Ariba Supplier Network Security Disclosures
Ariba is committed to the security and integrity of customer information within Ariba Supplier Network (Ariba SN). Ariba uses industry best-practice security measures to protect against the loss, misuse or alteration of the information under our control.
To prevent unauthorized access, maintain data accuracy, and ensure the correct use of information, we have put in place appropriate physical, electronic, and managerial procedures to safeguard and secure the information we collect within the Ariba SN. These measures include the following:
Multiple level firewalls to segregate and secure network segments based on system roles.

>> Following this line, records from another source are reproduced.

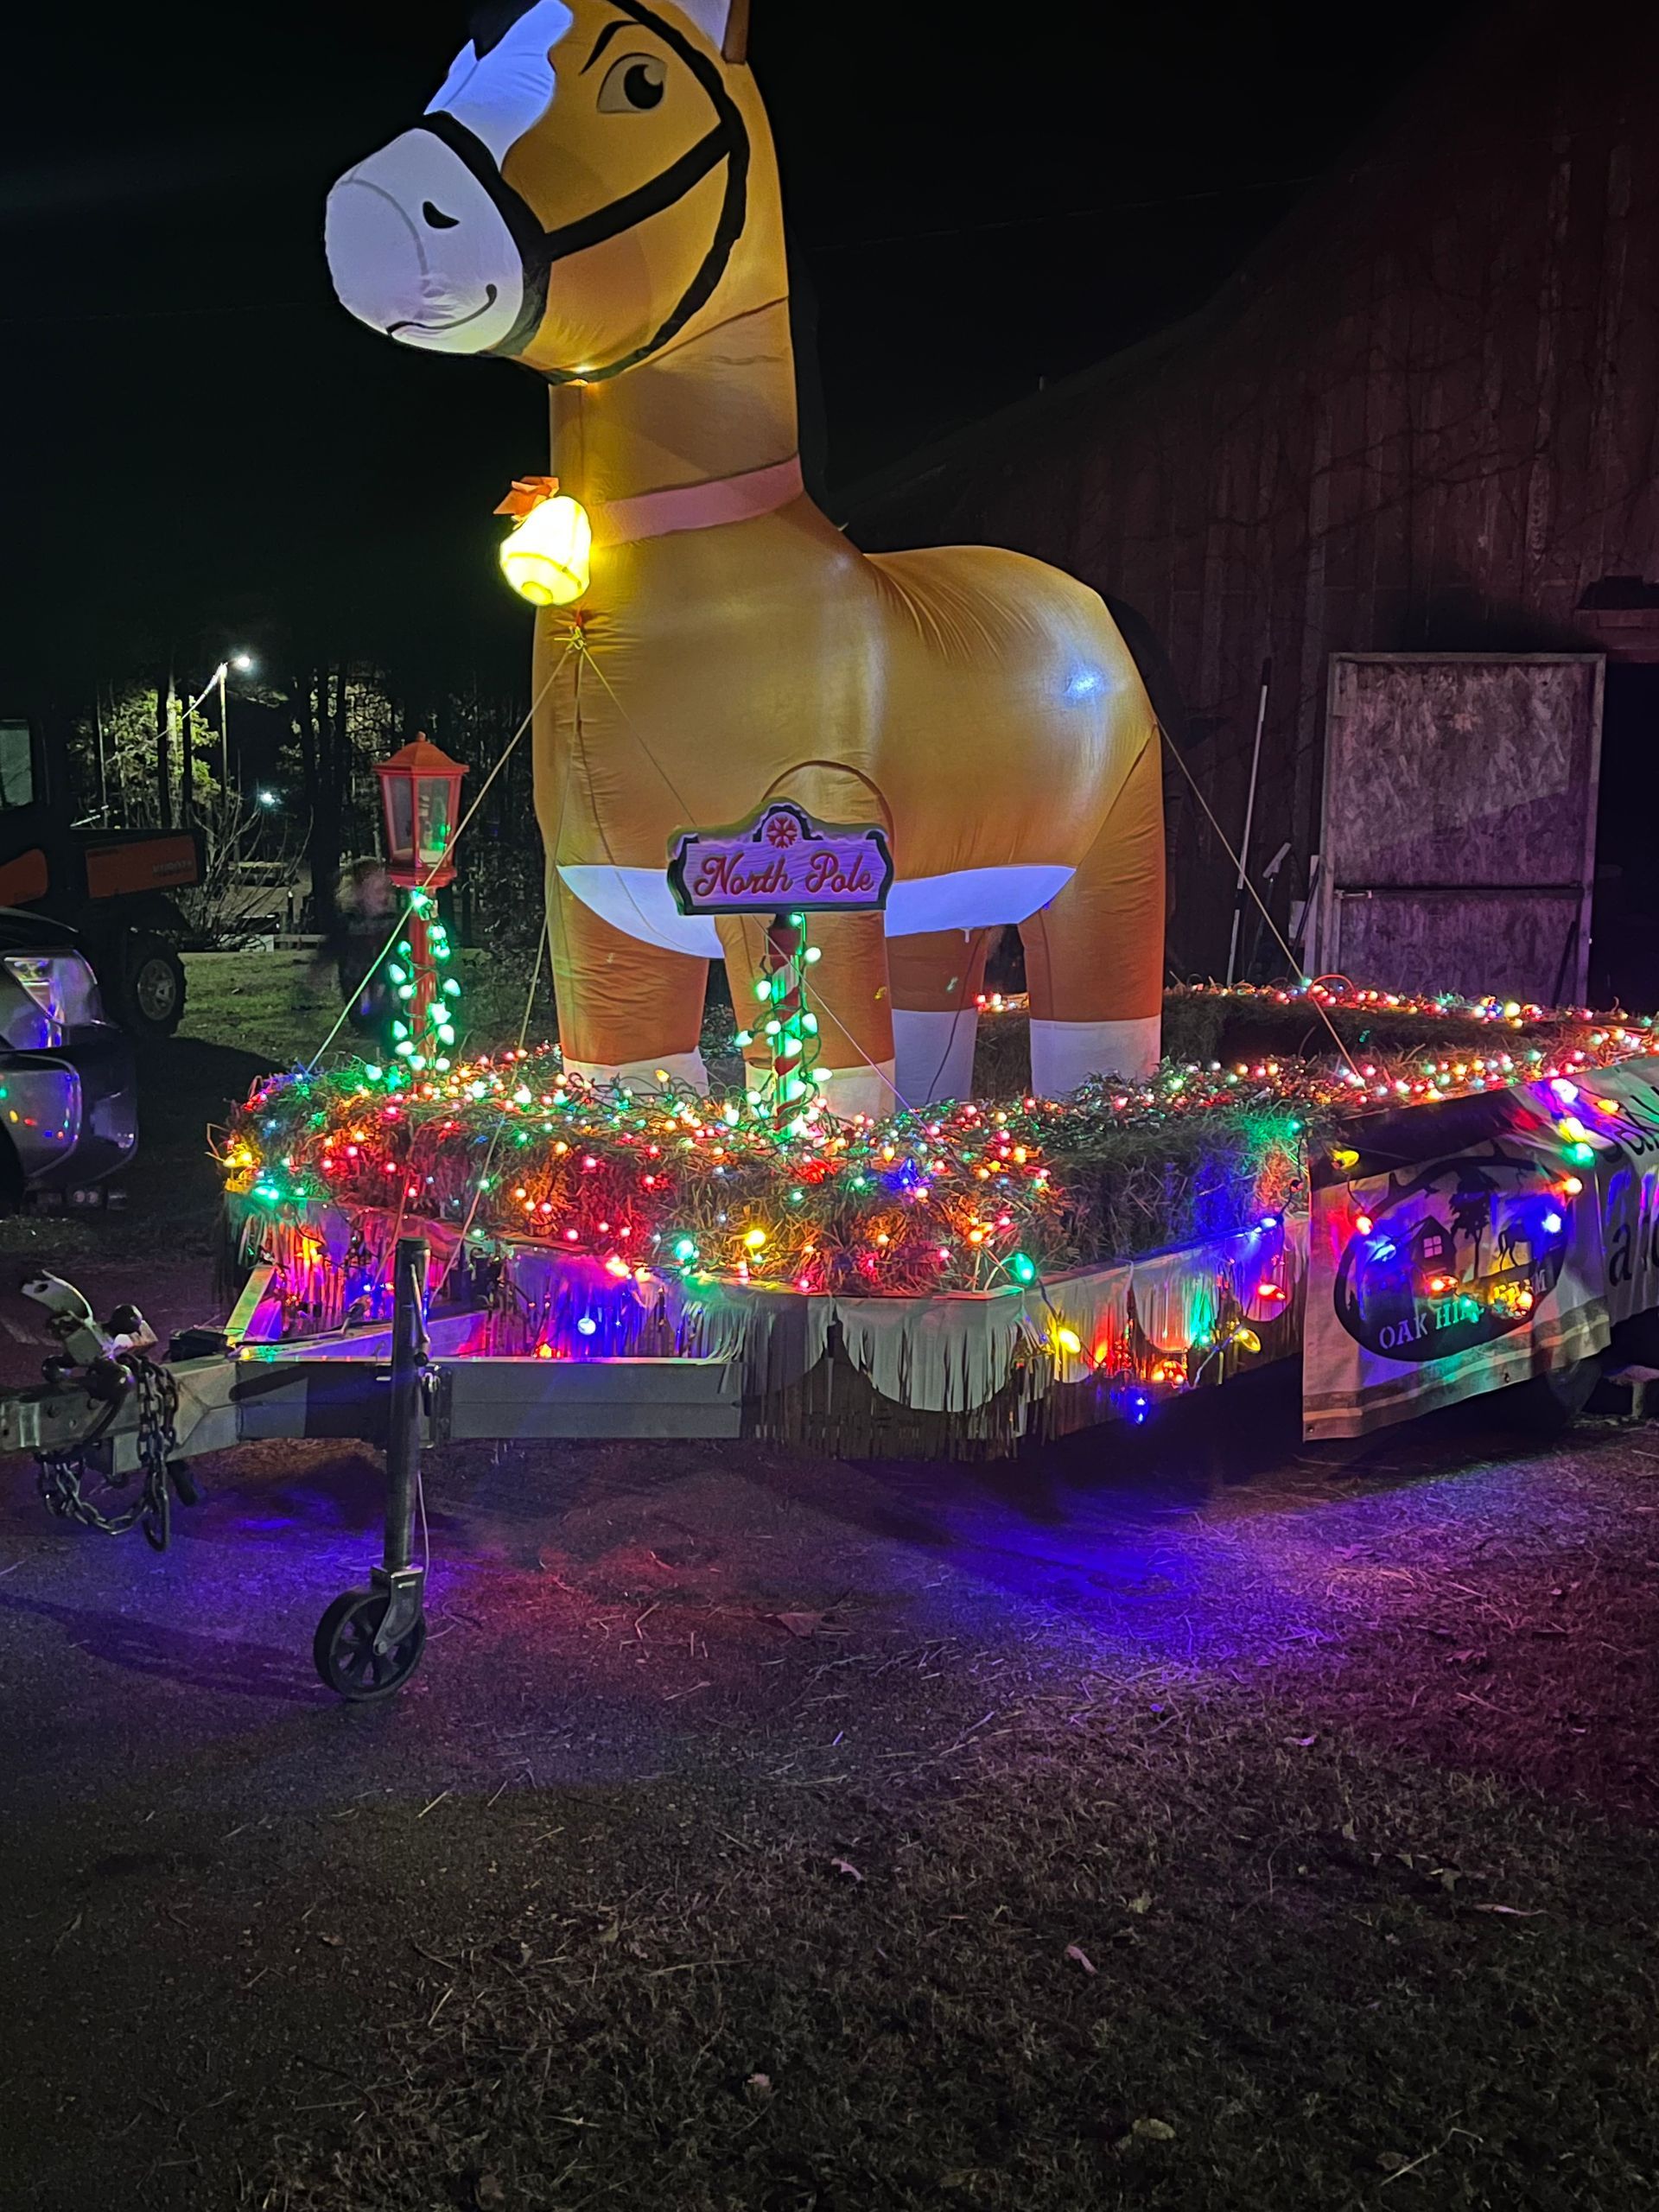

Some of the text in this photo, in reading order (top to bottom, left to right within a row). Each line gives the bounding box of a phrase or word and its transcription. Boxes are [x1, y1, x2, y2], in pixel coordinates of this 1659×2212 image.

[693, 850, 875, 897] North Pole
[1379, 1313, 1428, 1350] OAK
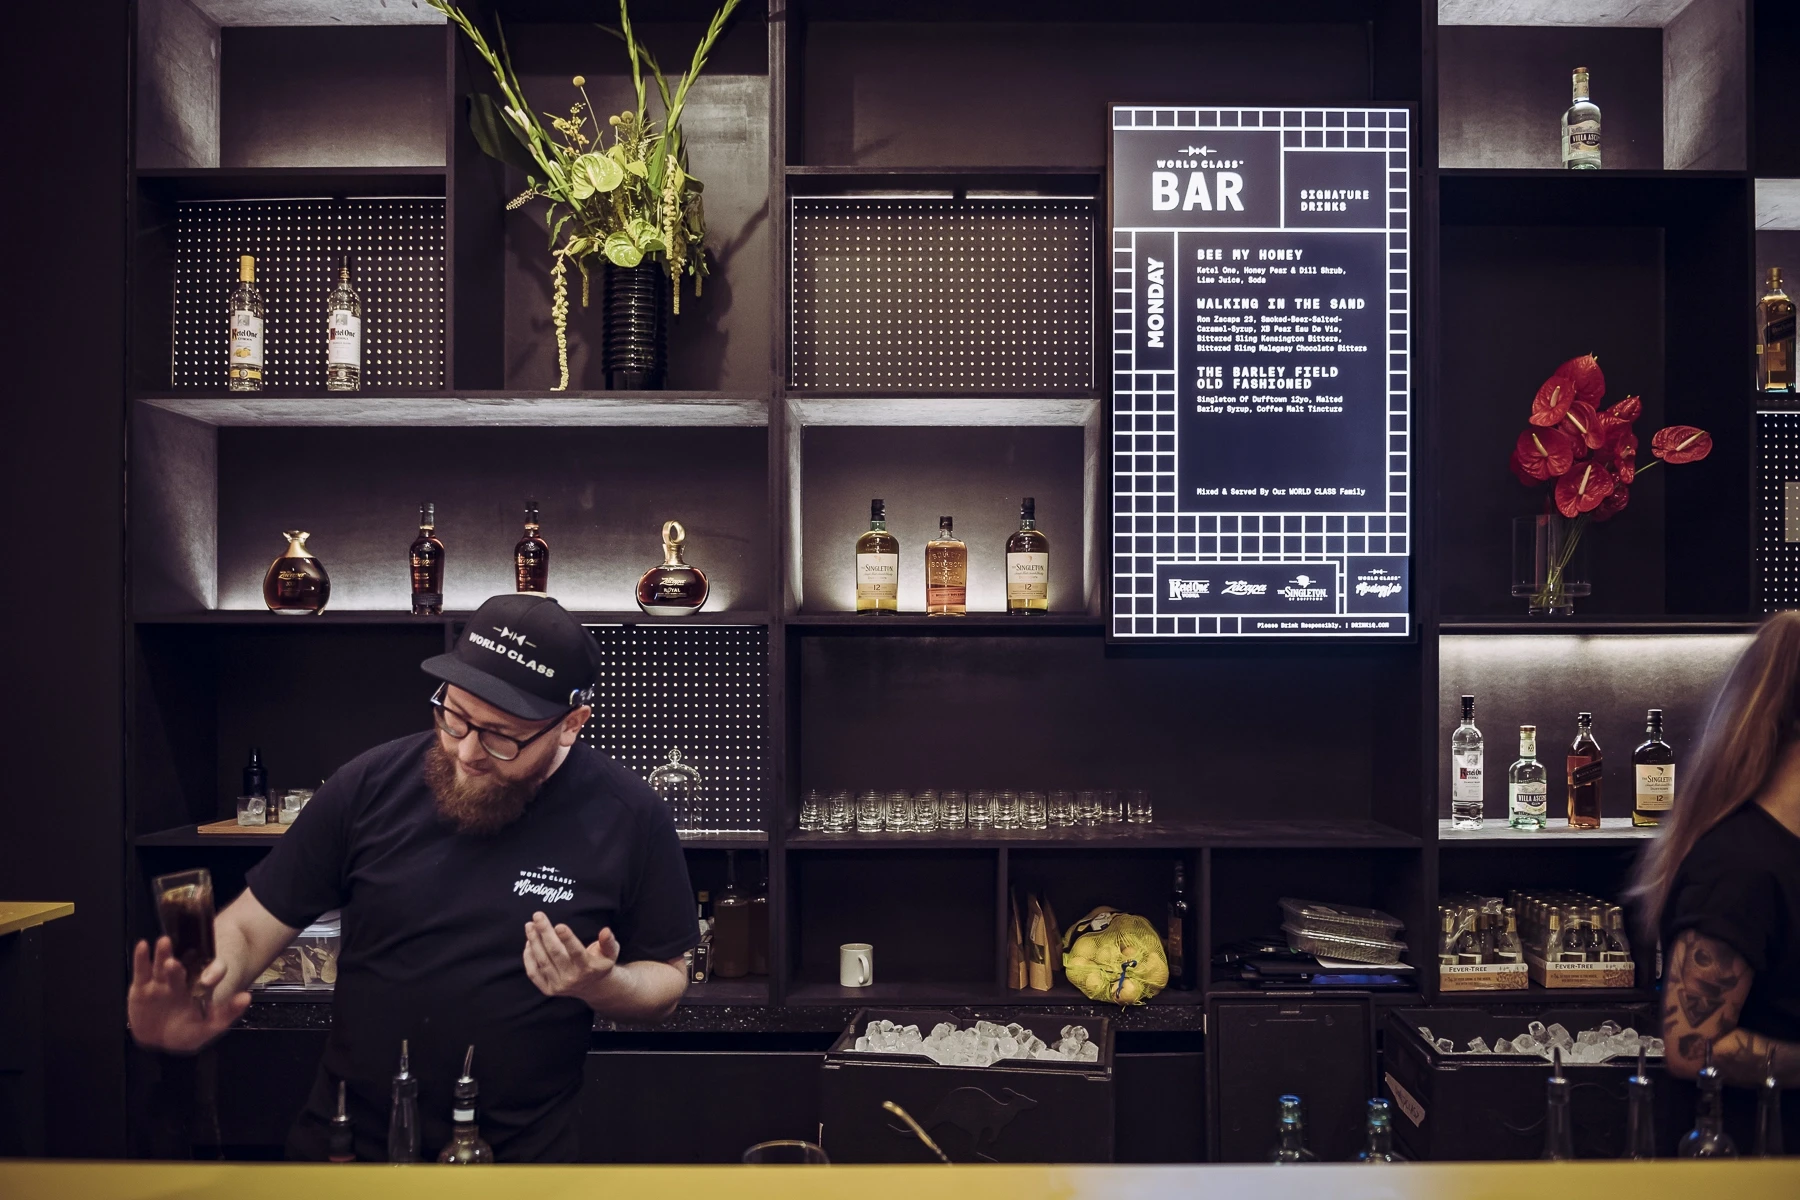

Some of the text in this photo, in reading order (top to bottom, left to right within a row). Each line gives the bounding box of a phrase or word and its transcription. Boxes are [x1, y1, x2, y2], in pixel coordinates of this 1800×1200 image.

[1157, 160, 1240, 168] WORLD CLASS
[1152, 171, 1244, 211] BAR
[1301, 190, 1369, 199] SIGNATURE
[1301, 202, 1346, 211] DRINKS
[1198, 249, 1302, 260] BEE MY HONEY
[1197, 266, 1218, 274] Ketel
[1244, 267, 1266, 275] Honey
[1219, 276, 1243, 284] Juice,
[1147, 257, 1164, 348] MONDAY
[1197, 298, 1365, 309] WALKING IN THE SAND
[1197, 325, 1256, 333] Caramel-Syrup,
[246, 330, 258, 338] One
[1236, 335, 1257, 343] Sling
[1261, 335, 1304, 343] Kensington
[1235, 345, 1256, 353] Sling
[1197, 367, 1338, 377] THE BARLEY FIELD
[1197, 378, 1311, 389] OLD FASHIONED
[1197, 396, 1236, 404] Singleton
[1291, 396, 1312, 404] 12yo,
[1260, 488, 1269, 496] By
[1340, 488, 1365, 496] Family
[469, 632, 555, 678] WORLD CLASS
[1518, 794, 1532, 802] VILLA
[520, 870, 572, 885] WORLD CLASS

Data transmissions are encrypted using SSL technology
Use of server-side and client-side digital certificates
Role-based administrative access policies and procedures
Primary co-location facility uses cipher-encoded access badges, biometric scans, and 24-hour video surveillance and guards to control access
Comprehensive in-house performance and security monitoring and auditing
Intrusion detection and analysis
Detailed security policy, processes and procedures
Security auditing performed by outside consulting agencies
To provide for the availability of service and information within Ariba SN, Ariba implements the following components:
A disaster recovery plan
Detailed backup strategy and secure off-site storage
High availability clustered database servers
Redundant systems, power supplies, and network connections
Service level agreements with service providers to guarantee service levels
Comprehensive change management and testing policies
24-hour x 7-day per week technical support staff
Ariba provides for transaction integrity in the Ariba SN through the implementation of solid business practices, which include:
Continuous real-time monitoring of failed transactions
Detailed procedures for troubleshooting and resolving issues
Policies and procedures on information privacy and disclosure
The document Ariba Supplier Network Technical Overview contains detailed information concerning policies, procedures and architecture. This document is available by request to customers pursuant to a separate non-disclosure agreement.
If you have any concerns regarding any of the above information please contact Ariba Technical Support
Note: The English version of these Security Disclosures shall govern in the event of any conflict or substantive translation changes into a non-English language.